Task to carry out — Reproduce each line of the data exactly as it is.

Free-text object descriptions
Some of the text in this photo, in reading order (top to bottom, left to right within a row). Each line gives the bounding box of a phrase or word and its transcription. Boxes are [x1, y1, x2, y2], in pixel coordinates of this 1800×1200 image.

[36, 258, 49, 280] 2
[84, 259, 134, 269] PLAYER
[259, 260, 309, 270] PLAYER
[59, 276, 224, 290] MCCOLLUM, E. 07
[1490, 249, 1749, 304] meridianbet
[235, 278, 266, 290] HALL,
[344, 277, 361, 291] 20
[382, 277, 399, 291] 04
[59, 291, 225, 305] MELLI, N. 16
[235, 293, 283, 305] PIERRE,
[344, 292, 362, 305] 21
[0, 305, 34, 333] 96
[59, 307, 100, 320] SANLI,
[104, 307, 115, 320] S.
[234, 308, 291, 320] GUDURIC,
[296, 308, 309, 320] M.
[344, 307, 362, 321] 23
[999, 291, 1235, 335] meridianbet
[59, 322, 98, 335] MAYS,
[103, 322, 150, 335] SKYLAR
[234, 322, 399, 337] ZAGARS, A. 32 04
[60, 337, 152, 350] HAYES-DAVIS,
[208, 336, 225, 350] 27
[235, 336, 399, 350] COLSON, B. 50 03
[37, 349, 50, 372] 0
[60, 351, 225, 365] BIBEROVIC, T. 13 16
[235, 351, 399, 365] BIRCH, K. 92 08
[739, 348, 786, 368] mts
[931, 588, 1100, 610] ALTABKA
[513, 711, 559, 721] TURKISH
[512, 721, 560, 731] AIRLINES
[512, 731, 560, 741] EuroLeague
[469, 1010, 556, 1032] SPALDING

Response —
Some of the text in this photo, in reading order (top to bottom, left to right within a row). Each line gives the bounding box of a phrase or word and its transcription. Boxes are [x1, y1, x2, y2], in pixel coordinates of this 1800×1200 image.

[36, 258, 49, 280] 2
[84, 259, 134, 269] PLAYER
[259, 260, 309, 270] PLAYER
[59, 276, 224, 290] MCCOLLUM, E. 07
[1490, 249, 1749, 304] meridianbet
[235, 278, 266, 290] HALL,
[344, 277, 361, 291] 20
[382, 277, 399, 291] 04
[59, 291, 225, 305] MELLI, N. 16
[235, 293, 283, 305] PIERRE,
[344, 292, 362, 305] 21
[0, 305, 34, 333] 96
[59, 307, 100, 320] SANLI,
[104, 307, 115, 320] S.
[234, 308, 291, 320] GUDURIC,
[296, 308, 309, 320] M.
[344, 307, 362, 321] 23
[999, 291, 1235, 335] meridianbet
[59, 322, 98, 335] MAYS,
[103, 322, 150, 335] SKYLAR
[234, 322, 399, 337] ZAGARS, A. 32 04
[60, 337, 152, 350] HAYES-DAVIS,
[208, 336, 225, 350] 27
[235, 336, 399, 350] COLSON, B. 50 03
[37, 349, 50, 372] 0
[60, 351, 225, 365] BIBEROVIC, T. 13 16
[235, 351, 399, 365] BIRCH, K. 92 08
[739, 348, 786, 368] mts
[931, 588, 1100, 610] ALTABKA
[513, 711, 559, 721] TURKISH
[512, 721, 560, 731] AIRLINES
[512, 731, 560, 741] EuroLeague
[469, 1010, 556, 1032] SPALDING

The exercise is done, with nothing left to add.